When managing a Service Department, it’s not just the obvious metrics that matter; there are hidden key performance indicators (KPIs) that can make or break your success AND profitability. This blog explores four of these less-discussed but vital indicators that Service Managers might not be paying enough attention to. From understanding the delicate balance between technician efficiency and productivity to unlocking the mysteries of unapplied time, we’ll shed light on why these hidden KPIs can have a profound impact on your bottom line. Plus, discover how upselling LOF (Oil Change with Tire Rotation) and identifying selling opportunities for high-mileage vehicles can transform your service department’s performance.
Hidden KPI 1: Managing Technician Productivity
The concept of technician productivity is a KPI for Service Managers that can hugely impact expected labor hour goals. Productivity is the relationship between the amount of time a tech spends producing hours within the time they are scheduled to work.
For example, a technician could be 150% efficient, however, if roadblocks and obstacles only allow this tech to work 75% of the time they are scheduled, they will not achieve the amount of flat rate hours expected. Conversely, if a technician is able to generate their flat rate hours 100% of the time they are scheduled but is only 80% efficient, they will not achieve the amount of the flat rate hours that are expected. Therefore, Service Managers must pay attention to both the technician’s efficiency and productivity in order to identify opportunities for growth.
Hidden KPI 2: Categorizing Unapplied Time
Often overlooked is the importance of uncovering the concept of unapplied time in financial statements and how Service Managers can influence and control this factor. Every financial statement has a line for unapplied time. However, this number is often misunderstood. It is simply this: money paid to the technicians not collected on a repair order. It is driven by many factors that Service Managers can control.
Because of the common misunderstanding of unapplied time, other teams like payroll can add items to this line that do not belong there. This directly affects the profitability of the Service Department! When you can establish an accurate understanding and ensure the proper categorization of items in unapplied time, your Service Department will reap the reward of more dollars to your bottom line.
Hidden KPI 3: Upselling LOF
It can be easy for your Service Advisors to get in the habit of performing only the work a customer came in for without thinking like the sales team. When your Advisors begin to learn how to upsell, especially LOF customers, it not only benefits the shop’s profitability but also allows them to provide customer education, build trust, and create long-term customer retention.
An example of an important upsell opportunity is an oil change with a tire rotation. This is one of the easiest ways for a Service Advisor to move beyond being an “order taker” and to become an actual advisor or advocate for the customer. Additionally, it builds the habit of asking the customer for the business. Think of it as the service drive equivalent of “do you want fries with that?”.
Hidden KPI 4: Selling Opportunities for High Mileage Vehicles
A common occurrence in many Service Departments is seasoned Technicians in the “main” service department primarily doing recalls and warranty work, while the less experienced technicians are performing “express” services. While it may make sense to many Service Managers, the problem with this is the less experienced technicians are writing up high-mileage vehicles that come in for basic services without recommending additional preventative or diagnostic services.

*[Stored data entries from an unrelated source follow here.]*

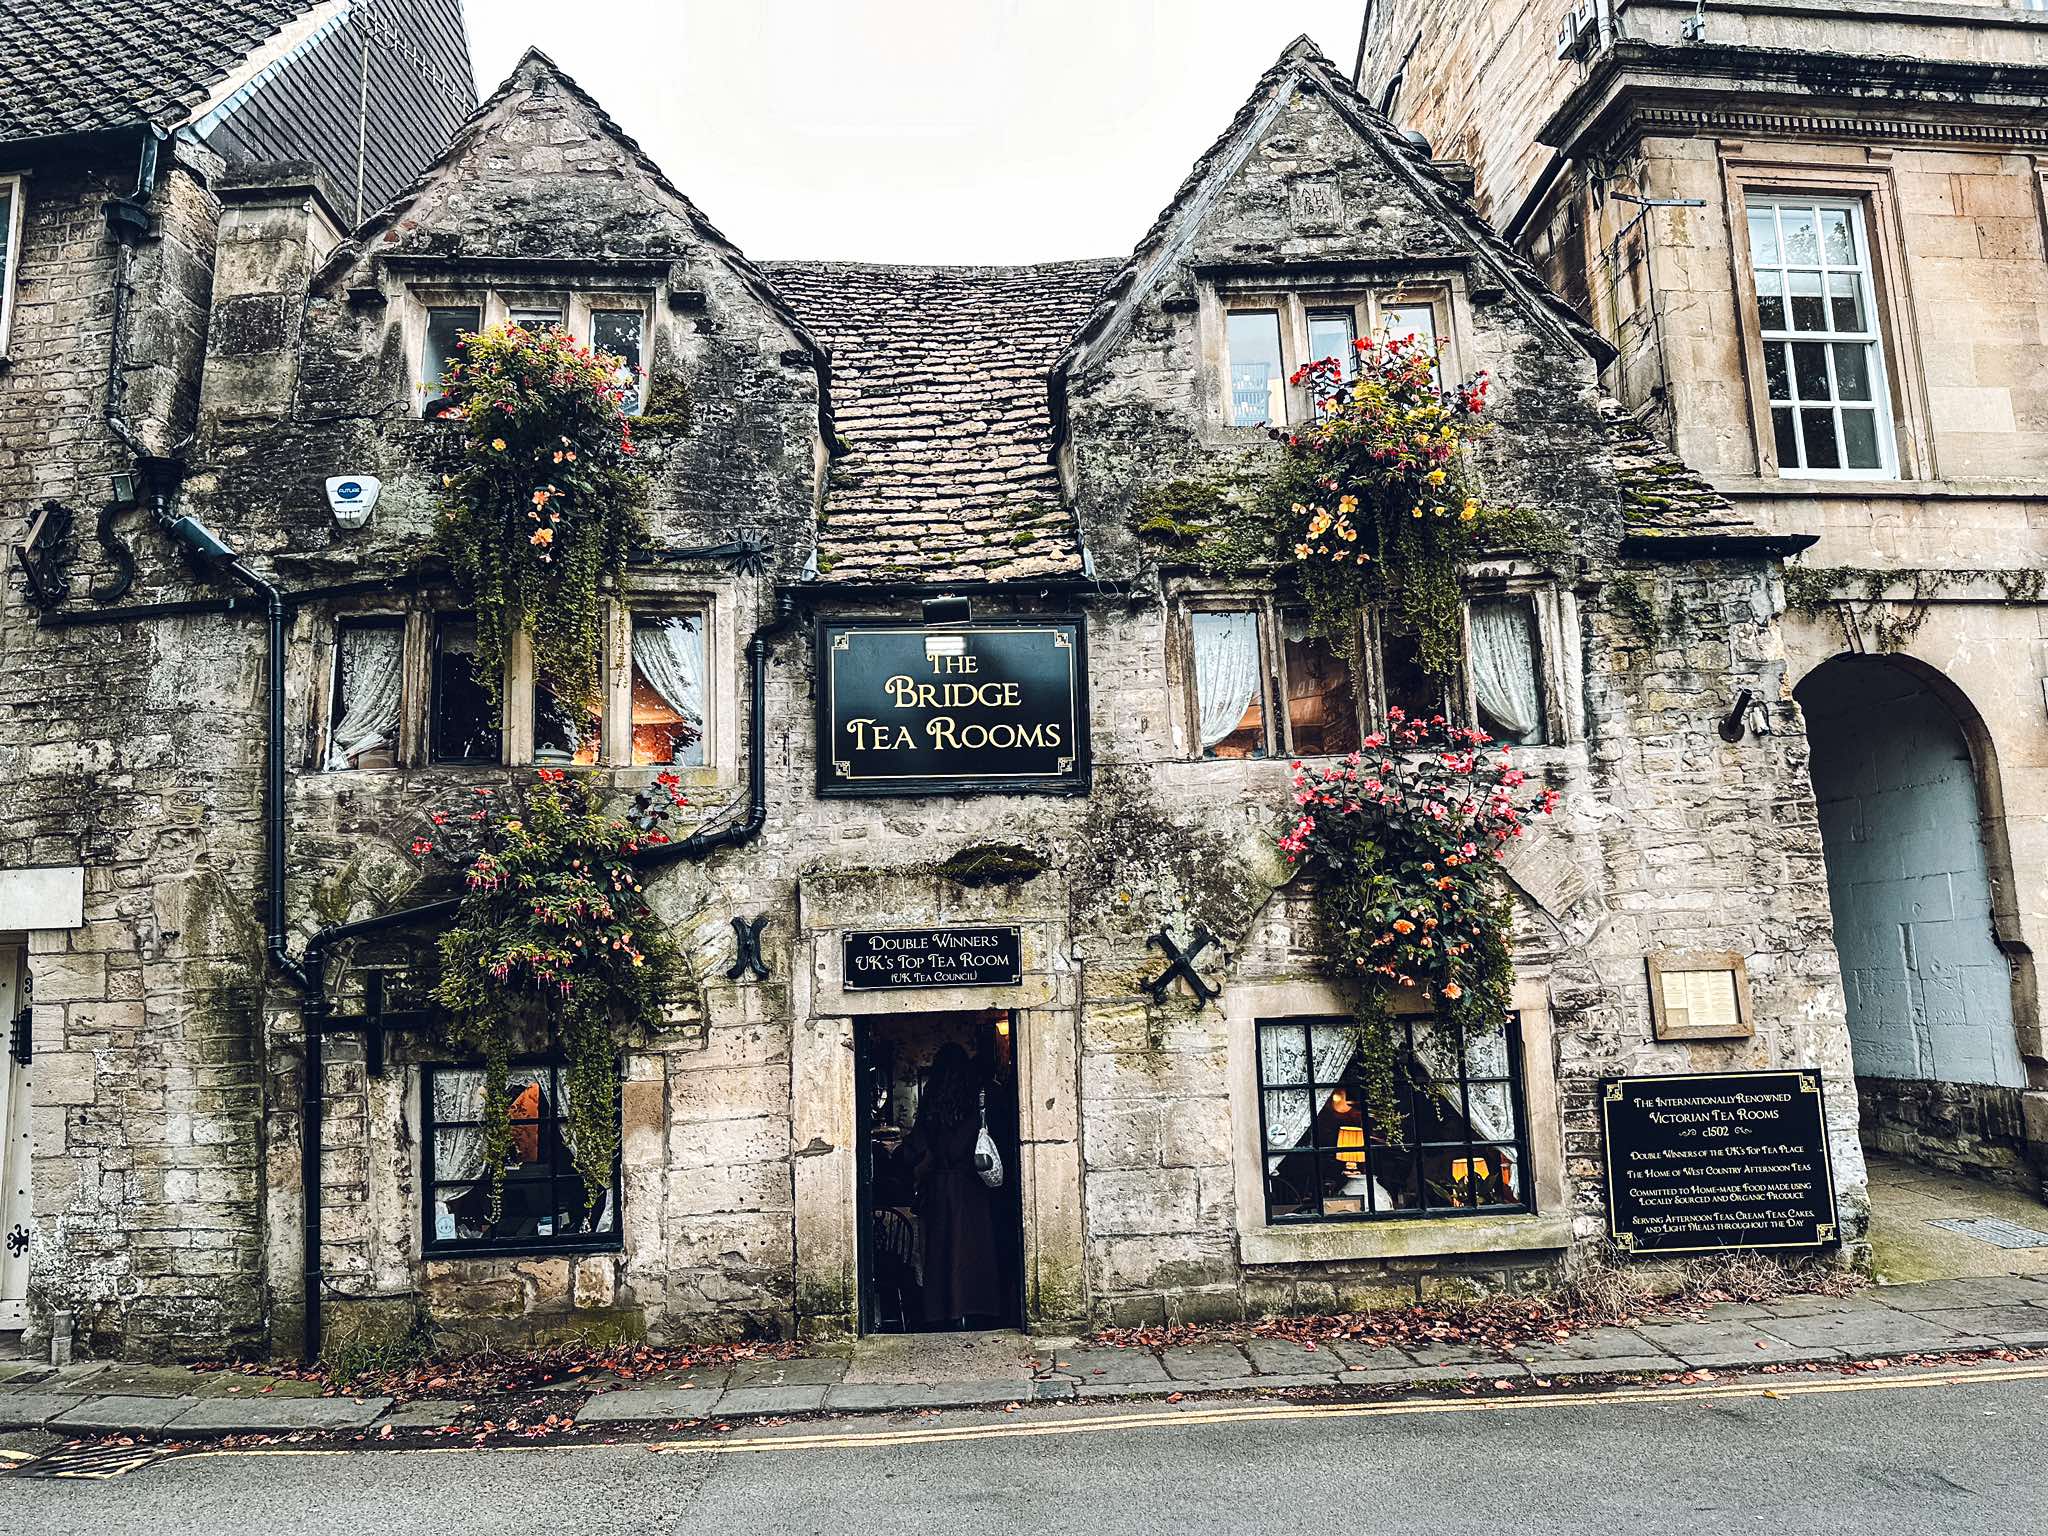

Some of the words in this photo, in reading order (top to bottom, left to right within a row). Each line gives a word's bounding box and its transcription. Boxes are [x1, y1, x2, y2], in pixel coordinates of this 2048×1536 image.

[927, 653, 979, 674] THE
[884, 675, 1022, 708] BRIDGE
[846, 718, 918, 751] TEA
[925, 716, 1061, 750] ROOMS
[868, 936, 929, 951] DOUBLE
[932, 933, 999, 948] WINNERS
[897, 954, 925, 969] TOP
[927, 953, 956, 968] TEA
[959, 952, 1010, 967] ROOM
[913, 972, 932, 983] TEA
[933, 970, 978, 983] COUNCIL)
[1633, 1097, 1655, 1108] THE
[1655, 1095, 1737, 1107] INTERNATIONALLY
[1735, 1092, 1792, 1104] RENOWNED
[1649, 1111, 1711, 1124] VICTORIAN
[1711, 1109, 1736, 1121] TEA
[1736, 1107, 1780, 1120] ROOMS
[1630, 1151, 1662, 1160] DOUBLE
[1662, 1149, 1698, 1158] WINNERS
[1697, 1149, 1708, 1157] OF
[1709, 1149, 1724, 1157] THE
[1745, 1146, 1761, 1155] TOP
[1761, 1145, 1778, 1155] TEA
[1778, 1144, 1805, 1154] PLACE
[1626, 1170, 1643, 1179] THE
[1644, 1169, 1671, 1178] HOME
[1682, 1167, 1704, 1176] WEST
[1705, 1166, 1742, 1175] COUNTRY
[1743, 1164, 1791, 1174] AFTERNOON
[1790, 1162, 1812, 1172] TEAS
[1629, 1188, 1678, 1197] COMMITTED
[1678, 1187, 1690, 1195] TO
[1690, 1185, 1742, 1194] HOME-MADE
[1742, 1182, 1766, 1192] FOOD
[1767, 1183, 1790, 1191] MADE
[1790, 1182, 1812, 1190] USING
[1639, 1197, 1673, 1206] LOCALLY
[1674, 1195, 1711, 1205] SOURCED
[1711, 1195, 1729, 1203] AND
[1729, 1192, 1766, 1202] ORGANIC
[1766, 1191, 1805, 1200] PRODUCE
[1632, 1216, 1664, 1225] SERVING
[1665, 1214, 1713, 1223] AFTERNOON
[1735, 1210, 1765, 1220] CREAM
[1644, 1226, 1662, 1234] AND
[1662, 1224, 1687, 1233] LIGHT
[1687, 1222, 1716, 1232] MEALS
[1716, 1221, 1769, 1230] THROUGHOUT
[1770, 1220, 1786, 1228] THE
[1785, 1218, 1804, 1227] DAY
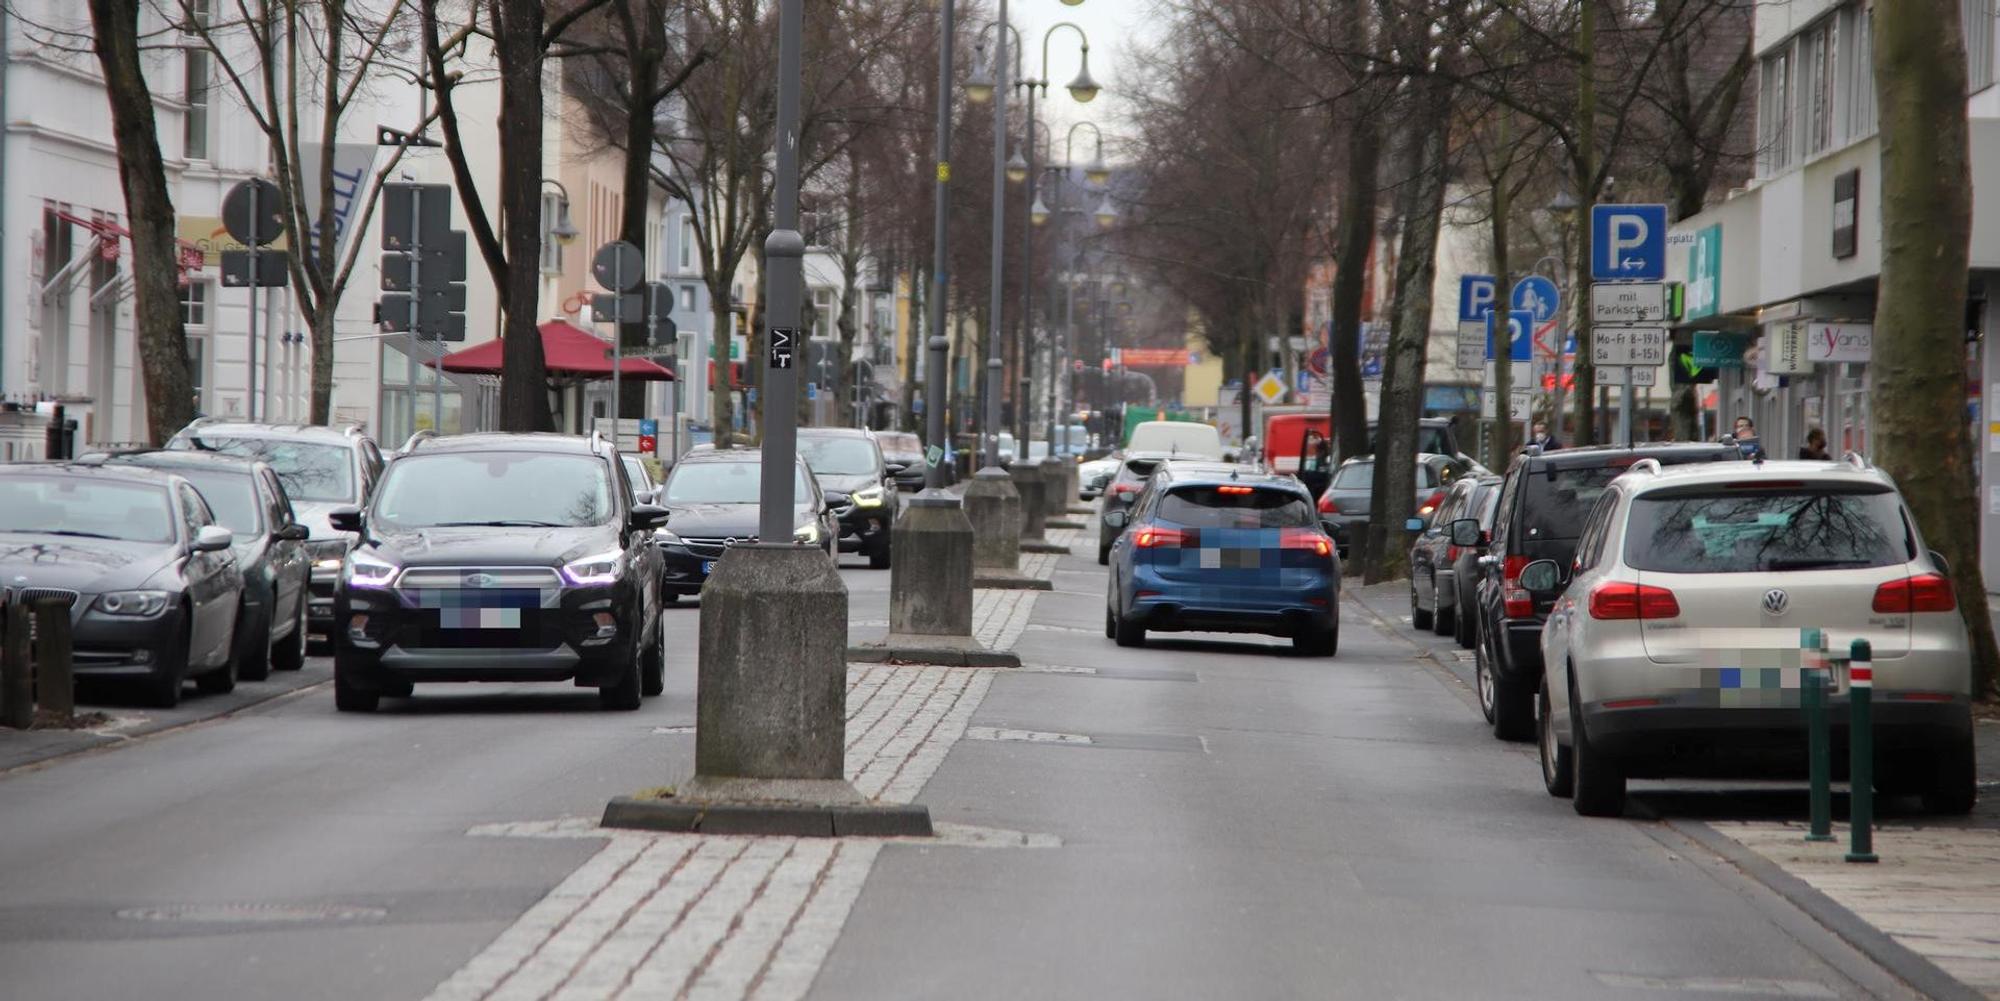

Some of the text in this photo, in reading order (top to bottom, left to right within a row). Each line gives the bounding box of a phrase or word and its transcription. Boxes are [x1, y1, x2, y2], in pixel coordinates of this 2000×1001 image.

Instead, the Service Manager should be determining which Service Advisors and Technicians should be handling certain vehicles based on their mileage, instead of customers determining who writes up their vehicle based on the door they drive through.
Once a Service Manager recognizes the missed opportunities, the entire department can get on the same page regarding the significance of the different mileage bands. From there, a process can be developed and implemented to route cars in various mileage bands to certain technician talent.
While Service Managers often focus on the well-known KPIs, these four hidden indicators are the secret sauce that can drive your service department’s success. Paying attention to technician productivity, mastering unapplied time, unleashing the power of upselling, and identifying selling opportunities for high-mileage vehicles can lead to substantial growth and profitability. By harnessing these hidden KPIs, you’ll not only optimize your service operations but also enhance customer trust and long-term retention, ultimately fueling your service department’s success.